A total of 18 antibiotics were used to treat neonatal sepsis for 84 patients during the study period. Cefotaxime and amikacin were the most commonly prescribed antibiotics (80%), followed by cefotaxime and ampicillin. Other antibiotics used and their frequency of use, the total number of antibiotic days and average no of antibiotic use are mentioned in table 3.

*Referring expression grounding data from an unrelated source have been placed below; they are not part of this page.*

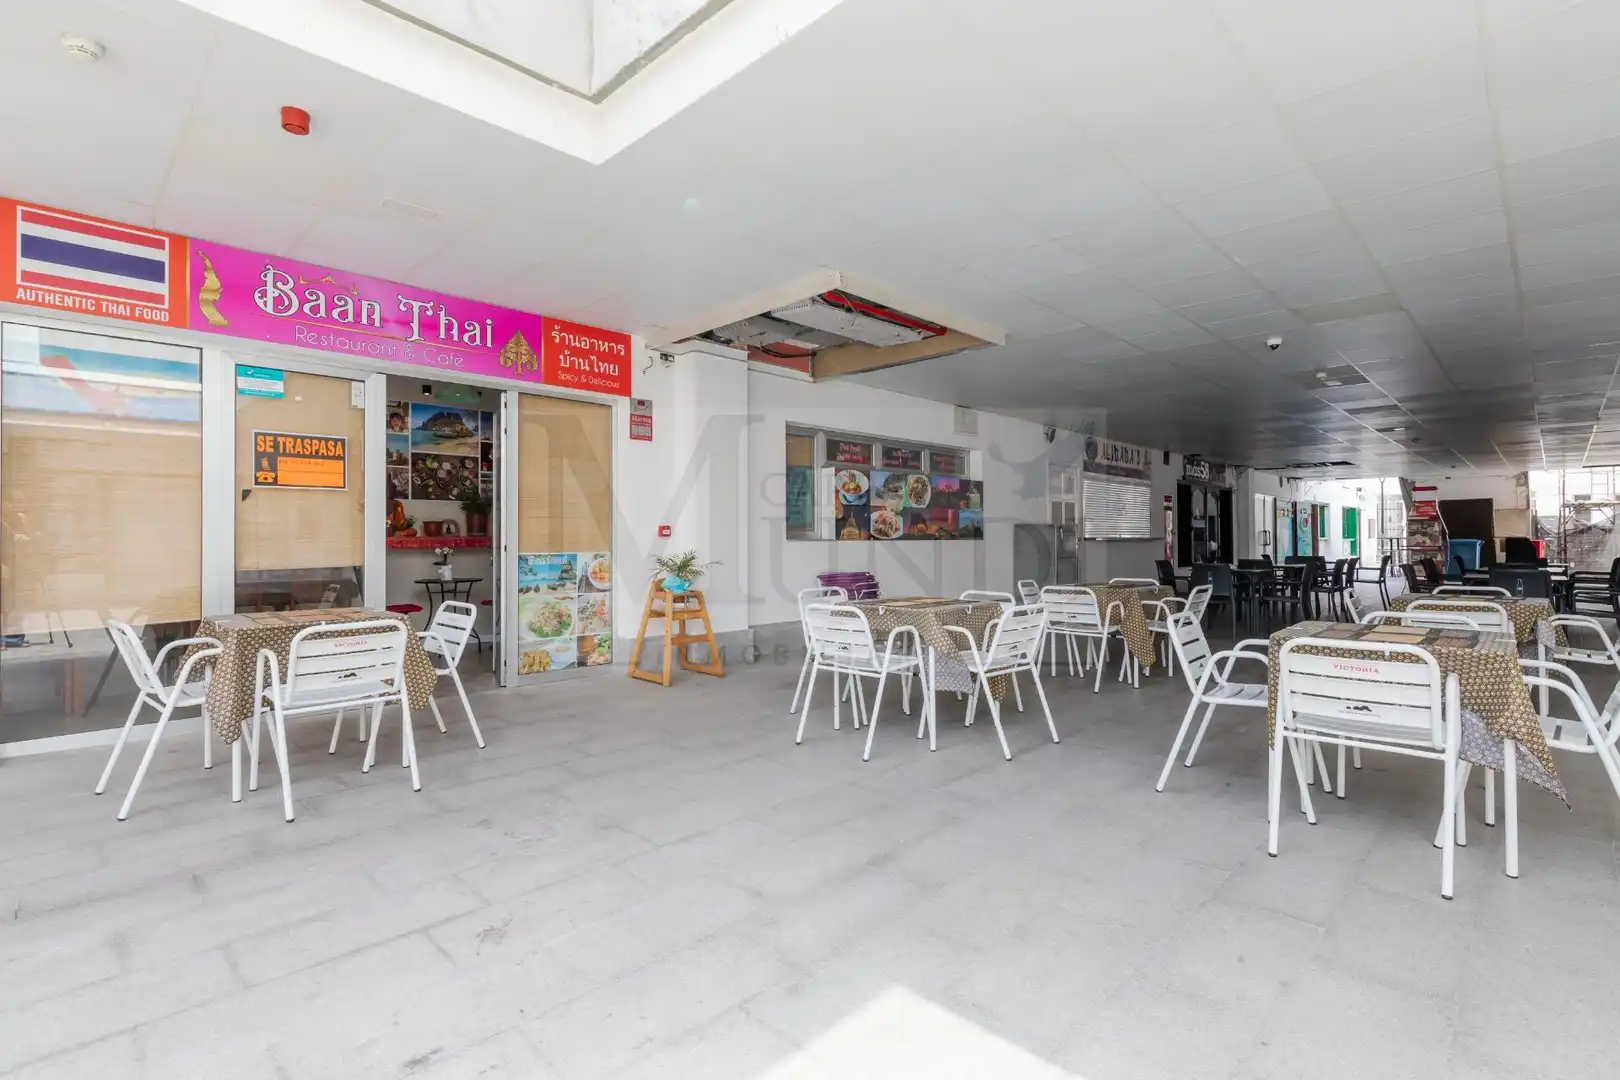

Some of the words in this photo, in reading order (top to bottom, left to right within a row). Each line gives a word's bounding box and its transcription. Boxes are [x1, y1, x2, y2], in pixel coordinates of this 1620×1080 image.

[16, 287, 96, 311] AUTHENTIC
[102, 301, 131, 316] THAI
[135, 307, 169, 322] FOOD
[253, 264, 383, 328] Baan
[397, 293, 494, 348] Thai
[294, 324, 397, 359] Restaurant
[403, 343, 416, 361] &
[551, 324, 625, 356] ร้านอาหาร
[559, 349, 619, 376] บ้านไทย
[557, 371, 579, 384] Spicy
[588, 376, 620, 388] Delicious
[256, 435, 274, 453] SE
[277, 437, 344, 457] TRASPASA
[1333, 663, 1380, 674] VICTORIA
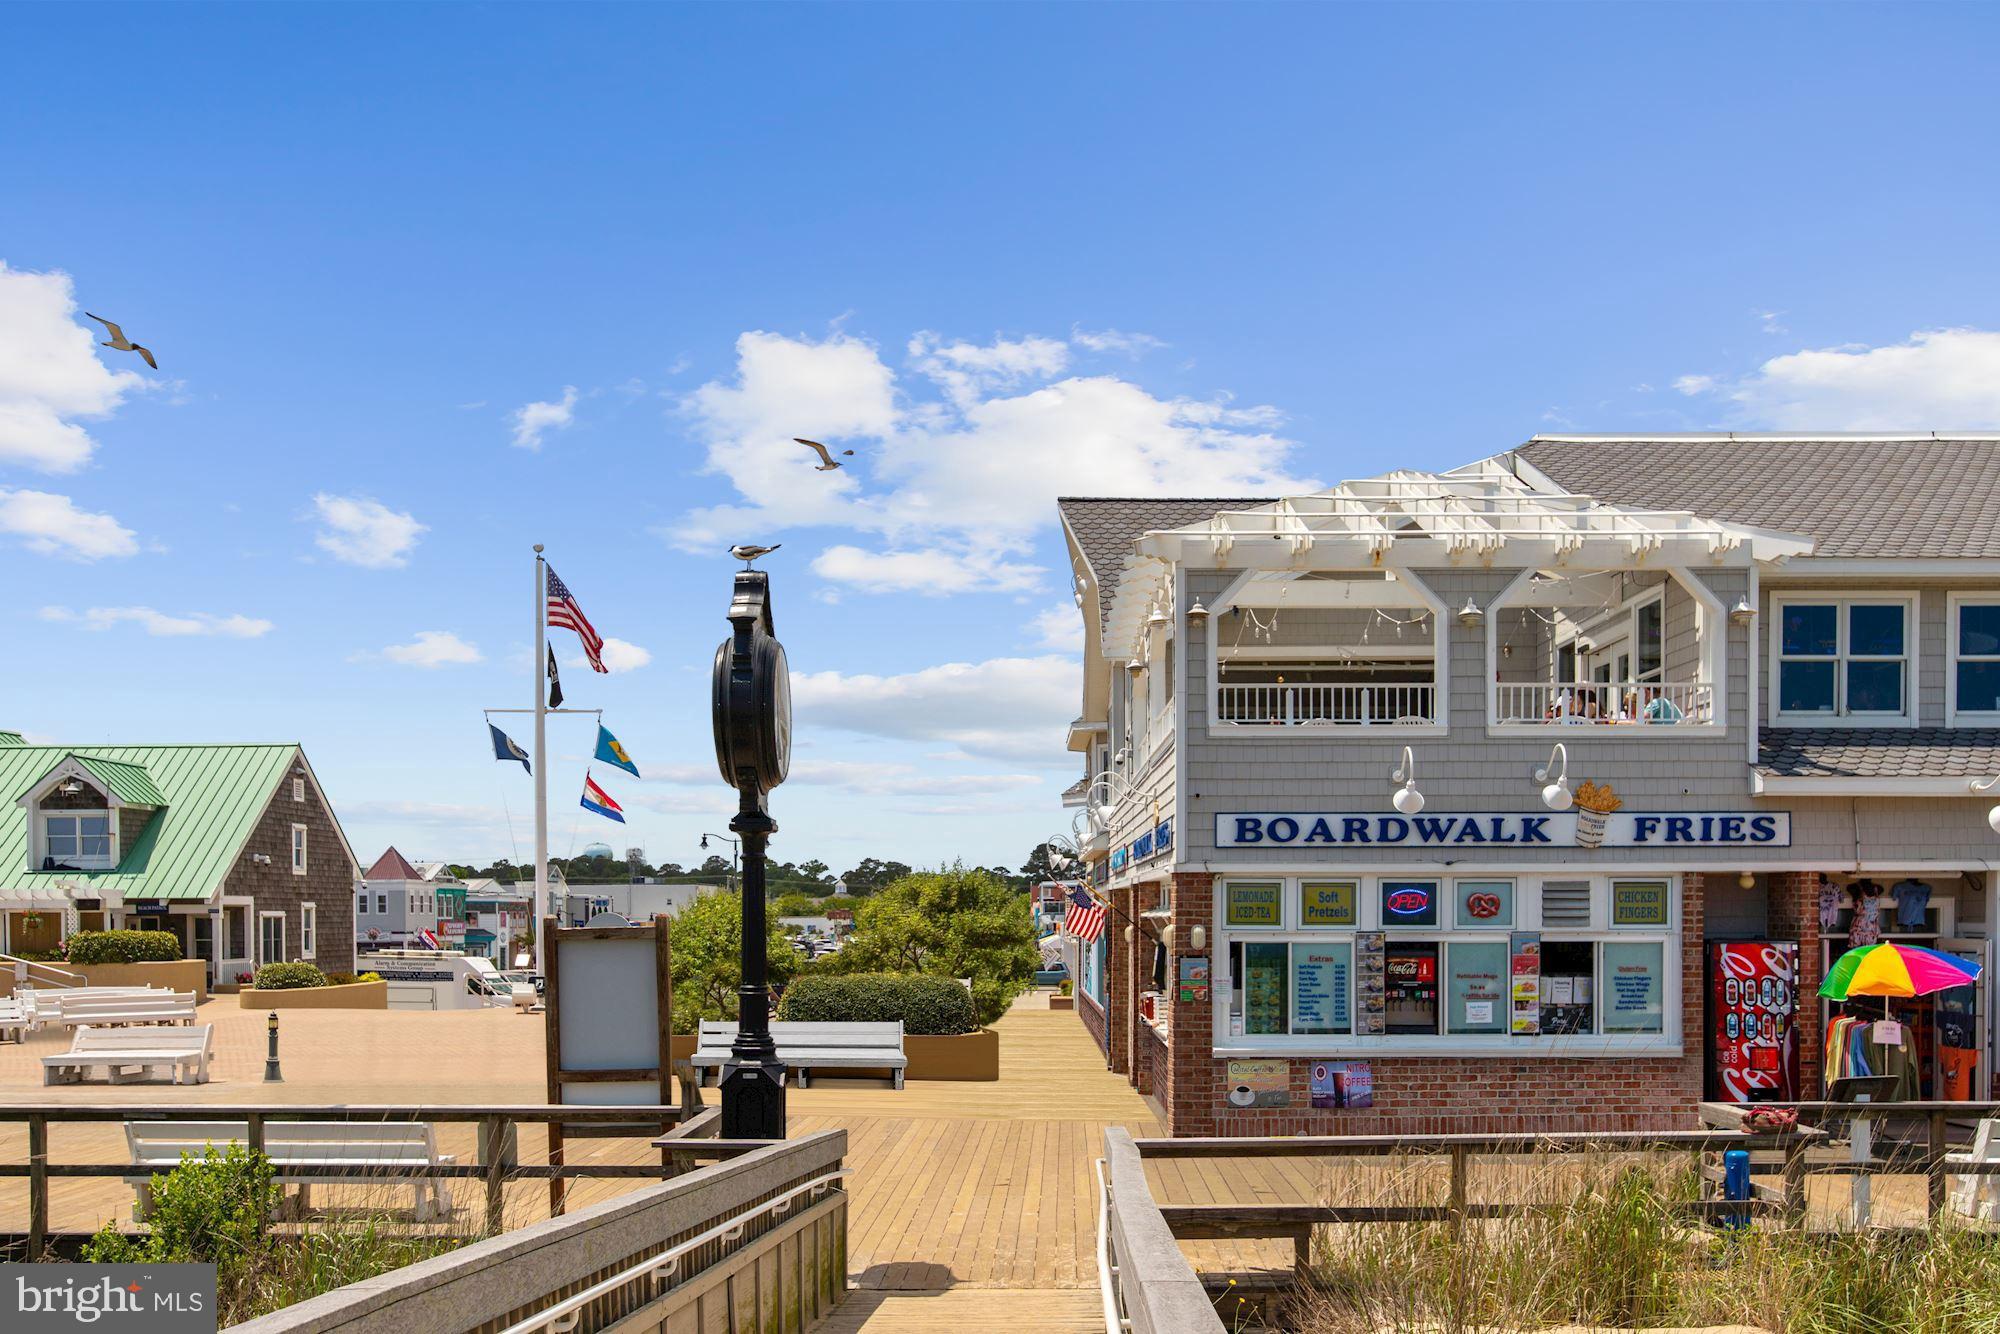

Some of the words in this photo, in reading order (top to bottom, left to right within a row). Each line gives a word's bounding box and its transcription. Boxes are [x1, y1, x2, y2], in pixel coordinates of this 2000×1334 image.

Table 3: Profile of antibiotics used in neonatal sepsis

Name of antibiotic Frequency (%) use of antibiotics Total days of antibiotics Average antibiotic days per neonate
Amikacin 66 (78.57%) 929 14.07
Cefotaxime 38(45.23%) 523 13.76
Ampicillin 30(35.71%) 331 11.03
Cefoperazone+sulbactum 7(8.33%) 229 32.71
Vancomycin 16(19.04%) 189 11.81
Metrondazole 20(23.80%) 156 7.8
Ceftriaxone 12(14.28%) 105 8.75
Ceftazidime 10(11.90%) 80 8
Meropenam 5(5.95%) 76 15.2
Ofloxacin 8(9.52%) 57 7.12
Tobramycin eye drops 3(3.57%) 12 4
Crystalline Penicillin 3(3.57%) 9 3
Gentamicin 5(5.95%) 6 1.2
Cotrimoxazole 1(1.90%) 5 5
Mupirocin 1(1.90%) 5 5
Clavulanic acid 2(2.38%) 4 2
Linezolid 1(1.90%) 3 3
Gatifloxacin eye drops 1(1.90%) 1 1

Amikacin is showing highest frequency of use, i.e. 78.57% in neonatal sepsis followed by cefotaxime, 45.23% and ampicillin, 35.71% respectively. Amikacin was used for maximum, 929 d followed by cefotaxime, 523 d and ampicillin 331days respectively. Average days of antibiotic used were higher with cefoperazone and sulbactum combination 32.71 d followed by meropenam 15.2 d and amikacin 14.07 d. Cefotaxim with amikacin is the commonest antibiotic regimen used for the empirical purpose. The 12.5% of antibiotics are prescribed in the form of fixed dose combinations (sulfamethoxazole+trimethoprim, cefoperazone+sulbactum).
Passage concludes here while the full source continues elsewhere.